This polar force, like a stream, is constantly moving from pole to pole; and experiment proves that this movement is from the South Pole to the North. “Hence the various terrestrial substances, solids and fluids, through which this subtle and universal power permeates, are controlled, propelled, and modified over the entire surface of our globe, commencing at the south and dissolving at the north. Thus, all terrestrial matter moves towards the Arctic region, and finally disappears by dissolution and absorption, to be renewed again and again in the Antarctic Sea to the end of time.”
In order to prove that the north polar basin is the receptacle of the final dissolution of all terrestrial substances, Mr. Hopkins quotes the Gulf Stream. Bottles, tropical plants, and wrecks cast into the sea in the South Atlantic, are carried to Greenland in a comparatively short time. The great tidal waves commence at the fountain-head in the Antarctic circle, impinge against the south coast of Tierra del Fuego, New Zealand, and Tasmania, and are then propelled northward in a series of undulations. The South Atlantic stream, after doubling the Cape of Good Hope, moves towards the Guinea coast, bends towards the Caribbean Sea, producing the trade winds; again leaves Florida as the Gulf Stream, and washes the coasts of Greenland and Norway, and finally reaches the north polar basin.
Again the great polar force shows itself in the arrangement of the mineral structure below. In all the primary rocks in every quarter of the globe where they have been examined, its action is recognised in giving to the crystalline masses—granites and their laminated elongations—a polar grain and vertical cleavage. “Had it been possible to see our globe stripped of its sedimentary deposits and its oceanic covering, we should see it like a gigantic melon, with a uniform grain extending from pole to pole.” This structure appears to give polarity to earthquakes—thermal waters and earthquakes—which are all traceable in the direction of the polar grain or cleavage from north to south.

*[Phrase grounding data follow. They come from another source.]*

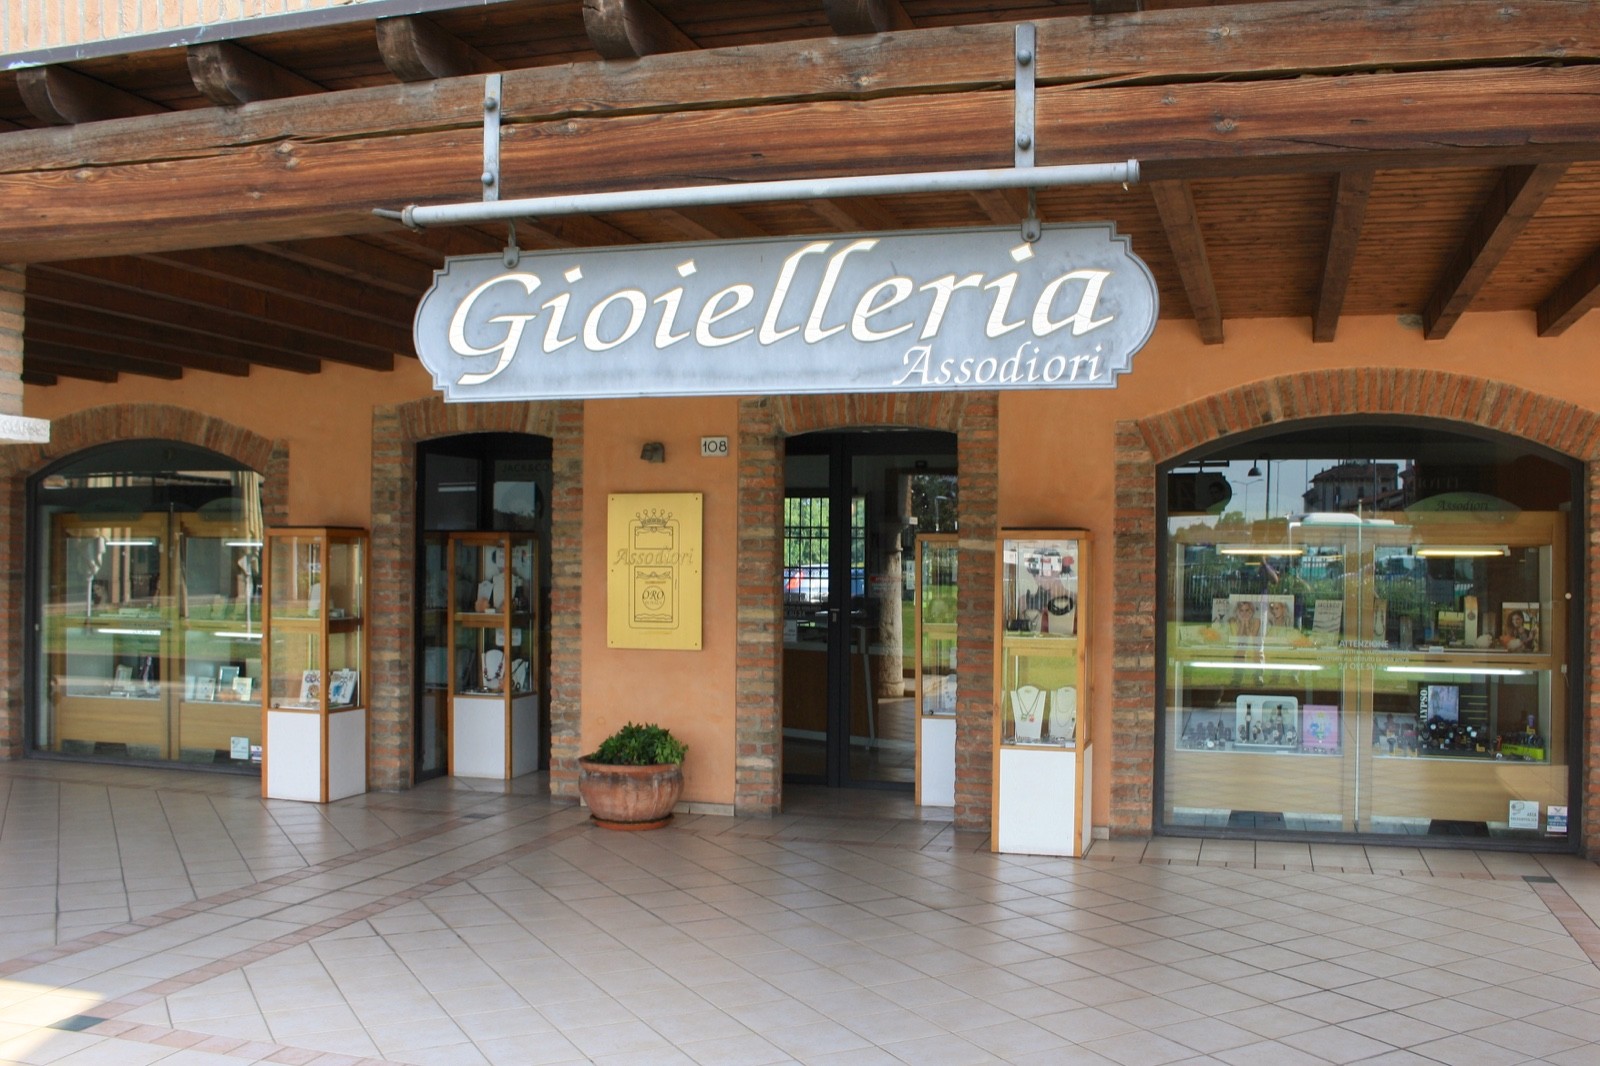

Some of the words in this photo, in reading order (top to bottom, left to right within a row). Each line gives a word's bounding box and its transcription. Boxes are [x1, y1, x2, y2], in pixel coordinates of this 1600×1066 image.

[447, 238, 1115, 387] Gioielleria
[891, 342, 1105, 387] Assodiori
[702, 440, 727, 453] 108
[1436, 499, 1489, 512] Assodiori
[612, 547, 694, 566] Assodiori
[1338, 640, 1389, 649] ATTENZIONE
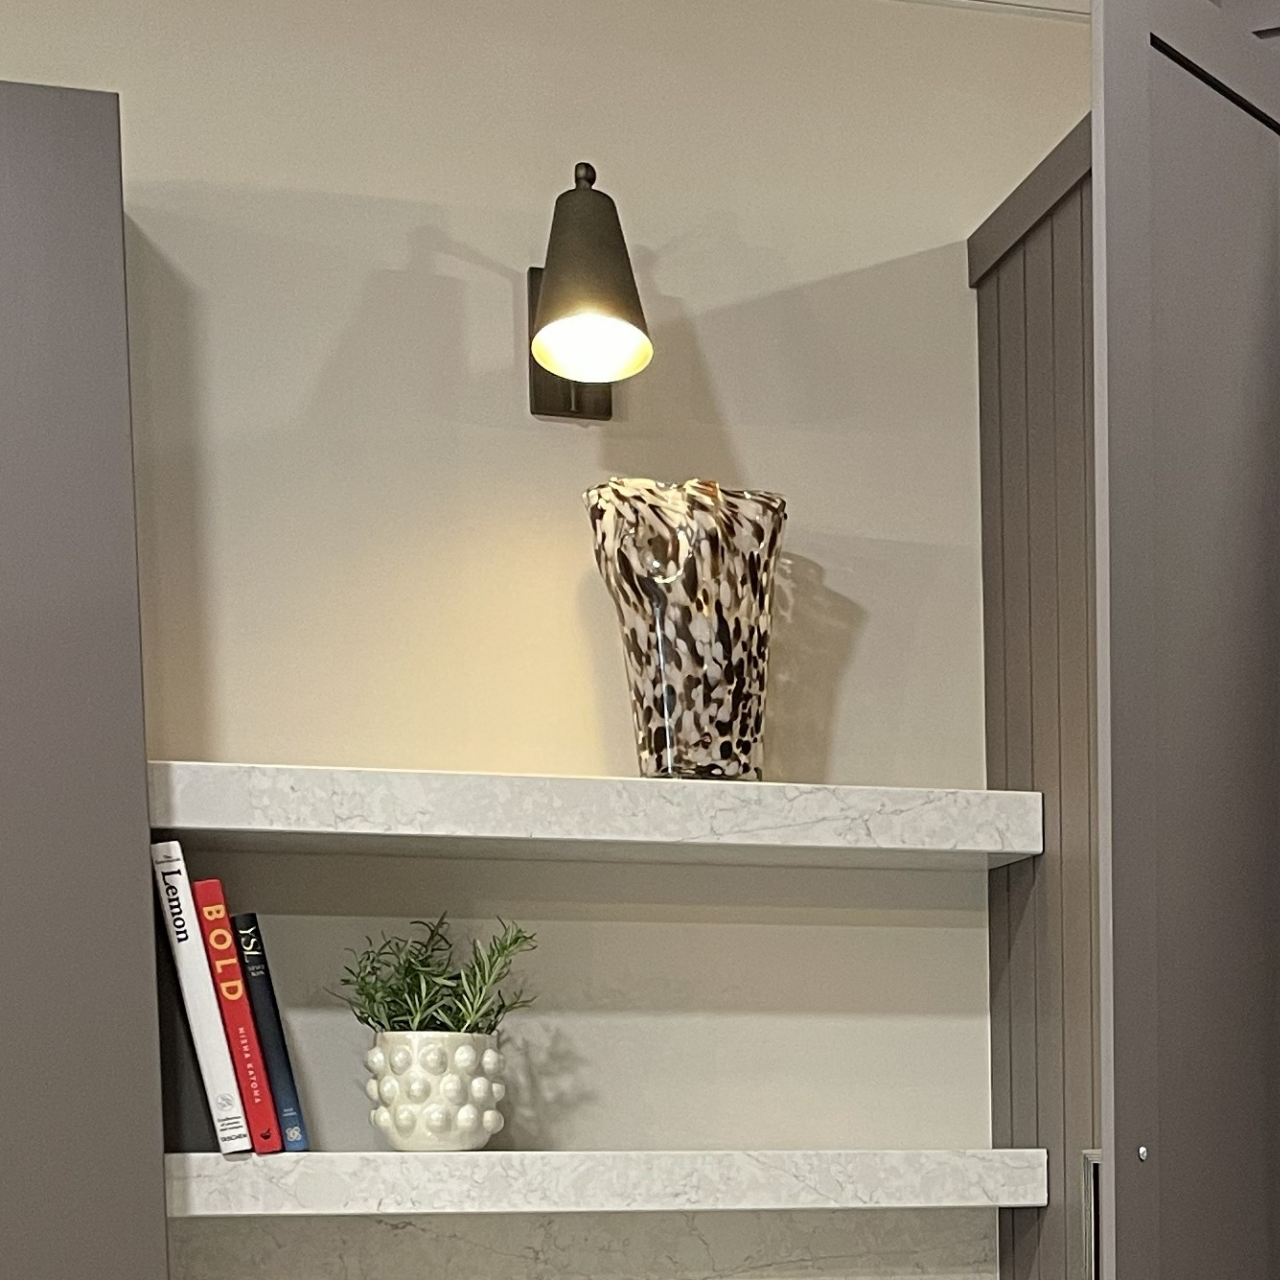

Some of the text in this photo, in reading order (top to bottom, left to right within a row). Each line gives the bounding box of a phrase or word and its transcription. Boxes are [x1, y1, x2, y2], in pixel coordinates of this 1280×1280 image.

[160, 868, 190, 943] Lemon
[202, 904, 244, 1002] BOLD
[238, 926, 263, 964] YSL

In England, for instance, thermal and saline springs are traceable from Bath, through Cheltenham, to Dudley. In Central France, mineral springs occur in lines, more or less, north and south. All the known salt-springs in South America occur in meridional bands. Springs of chloride of sodium in the Eastern Cordilleras stretch from Pinceima to the Llanoes de Meta, a distance of 200 miles. The most productive metalliferous deposits are found in meridional bands. The watery volcanoes in South America are generally situated along the lines of the meridional splits and the secondary eruptive pores on the transverse fractures. The sudden ruptures arising locally from increasing tension of the polar force, and the rapid expansion of the generated gases, produce a vibratory jar in the rocky structure below, which being propagated along the planes of the polar cleavage, gives rise to great superficial oscillations, and thus causes earthquakes and subterranean thunder for thousands of miles, from south to north.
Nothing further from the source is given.